• WHAT YOU HAVE TO DO: Output the entries below unchanged, except for the pictures.

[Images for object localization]
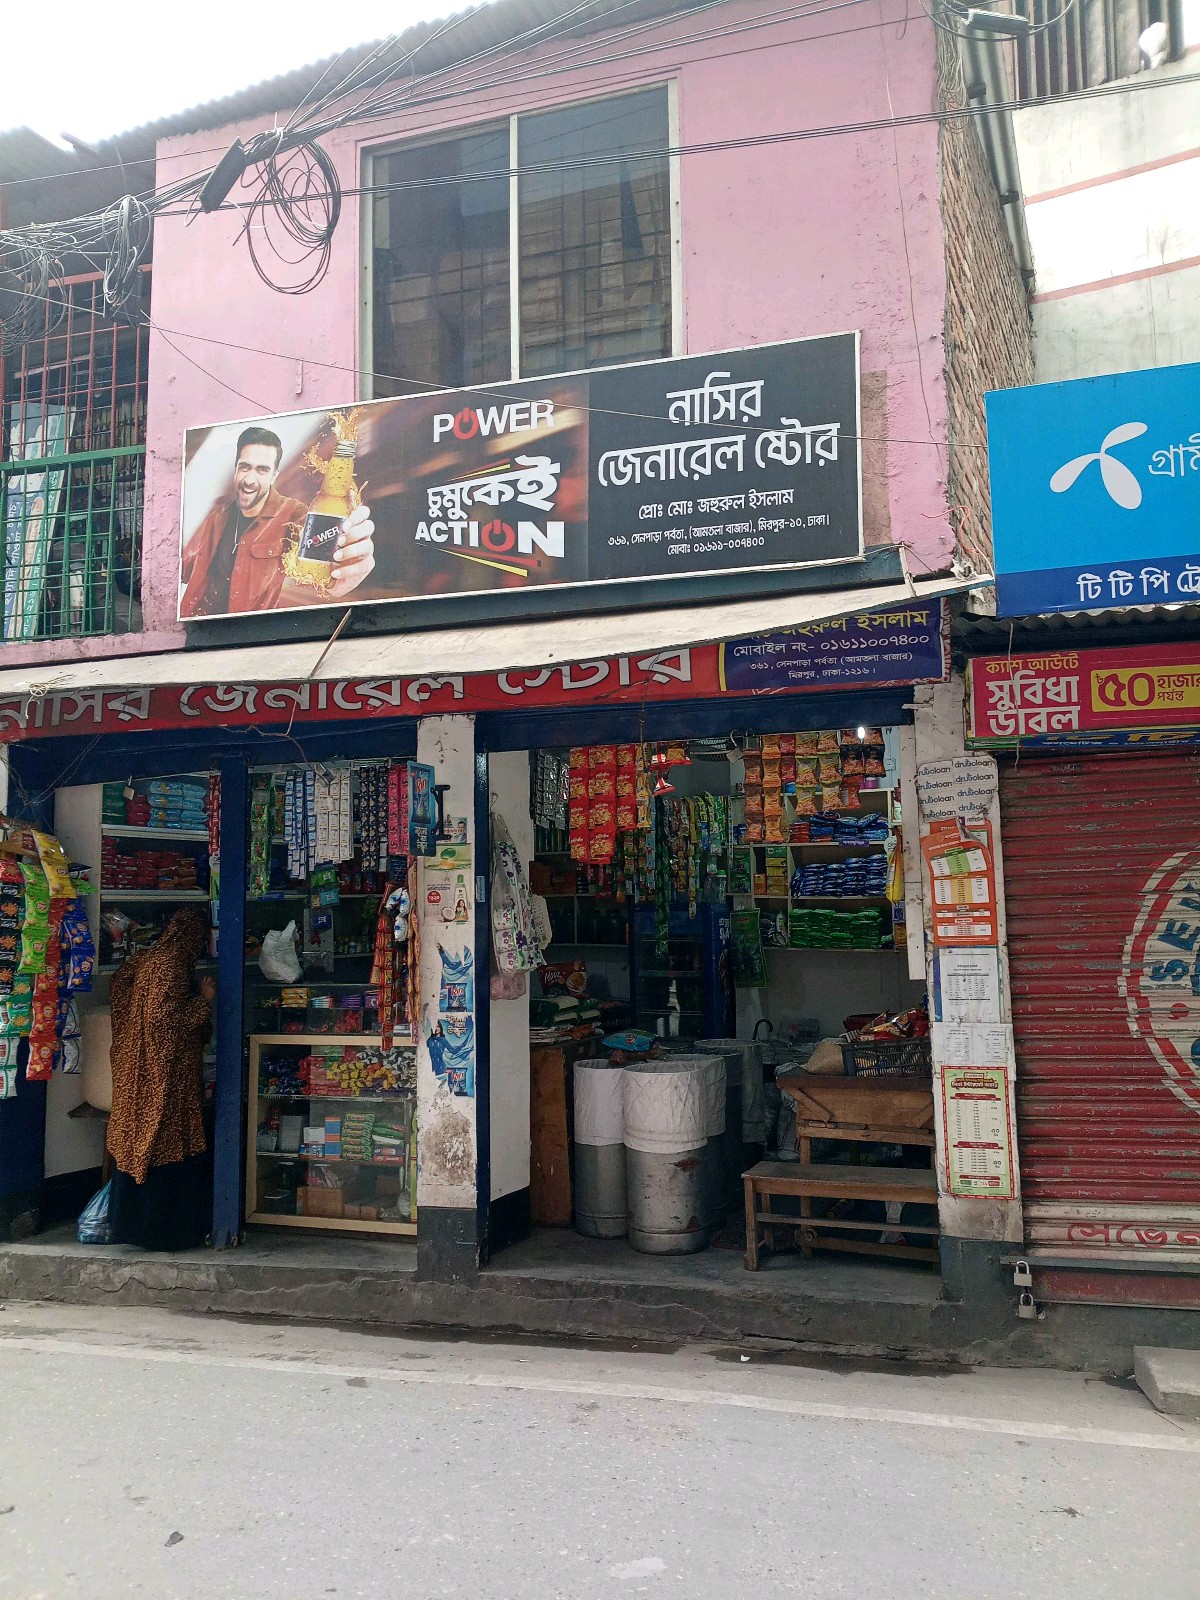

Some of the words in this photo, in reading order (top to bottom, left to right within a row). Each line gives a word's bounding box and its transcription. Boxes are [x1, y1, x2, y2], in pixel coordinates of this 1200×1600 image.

[666, 372, 764, 426] নাসির
[433, 400, 554, 443] POWER
[598, 435, 746, 487] জেনারেল
[755, 417, 841, 468] ষ্টোর
[427, 455, 561, 520] চুমুকেই
[697, 494, 745, 514] জহুরুল
[748, 488, 794, 509] ইসলাম
[307, 526, 340, 548] POWER
[415, 519, 565, 558] ACTION
[631, 531, 663, 544] সেনপাড়া
[689, 523, 724, 539] (আমতলা
[693, 537, 765, 553] ০১৬১১-০০৭৪০০
[1076, 573, 1103, 601] টি
[1107, 570, 1135, 598] টি
[1139, 567, 1171, 596] পি
[855, 610, 930, 631] ইসলাম
[733, 643, 787, 657] মোবাইল
[820, 634, 930, 651] ০১৬১১০০৭৪০০
[776, 658, 811, 668] সেনপাড়া
[814, 656, 838, 666] পর্বতা
[985, 660, 1023, 674] ক্যাশ
[1027, 653, 1079, 671] আউটে
[985, 670, 1080, 711] সুবিধা
[1157, 688, 1185, 702] পর্যন্ত
[986, 706, 1081, 737] ডাবল

• COMPLETED EXERCISE:
Some of the words in this photo, in reading order (top to bottom, left to right within a row). Each line gives a word's bounding box and its transcription. Boxes are [x1, y1, x2, y2], in pixel coordinates of this 1200×1600 image.

[666, 372, 764, 426] নাসির
[433, 400, 554, 443] POWER
[598, 435, 746, 487] জেনারেল
[755, 417, 841, 468] ষ্টোর
[427, 455, 561, 520] চুমুকেই
[697, 494, 745, 514] জহুরুল
[748, 488, 794, 509] ইসলাম
[307, 526, 340, 548] POWER
[415, 519, 565, 558] ACTION
[631, 531, 663, 544] সেনপাড়া
[689, 523, 724, 539] (আমতলা
[693, 537, 765, 553] ০১৬১১-০০৭৪০০
[1076, 573, 1103, 601] টি
[1107, 570, 1135, 598] টি
[1139, 567, 1171, 596] পি
[855, 610, 930, 631] ইসলাম
[733, 643, 787, 657] মোবাইল
[820, 634, 930, 651] ০১৬১১০০৭৪০০
[776, 658, 811, 668] সেনপাড়া
[814, 656, 838, 666] পর্বতা
[985, 660, 1023, 674] ক্যাশ
[1027, 653, 1079, 671] আউটে
[985, 670, 1080, 711] সুবিধা
[1157, 688, 1185, 702] পর্যন্ত
[986, 706, 1081, 737] ডাবল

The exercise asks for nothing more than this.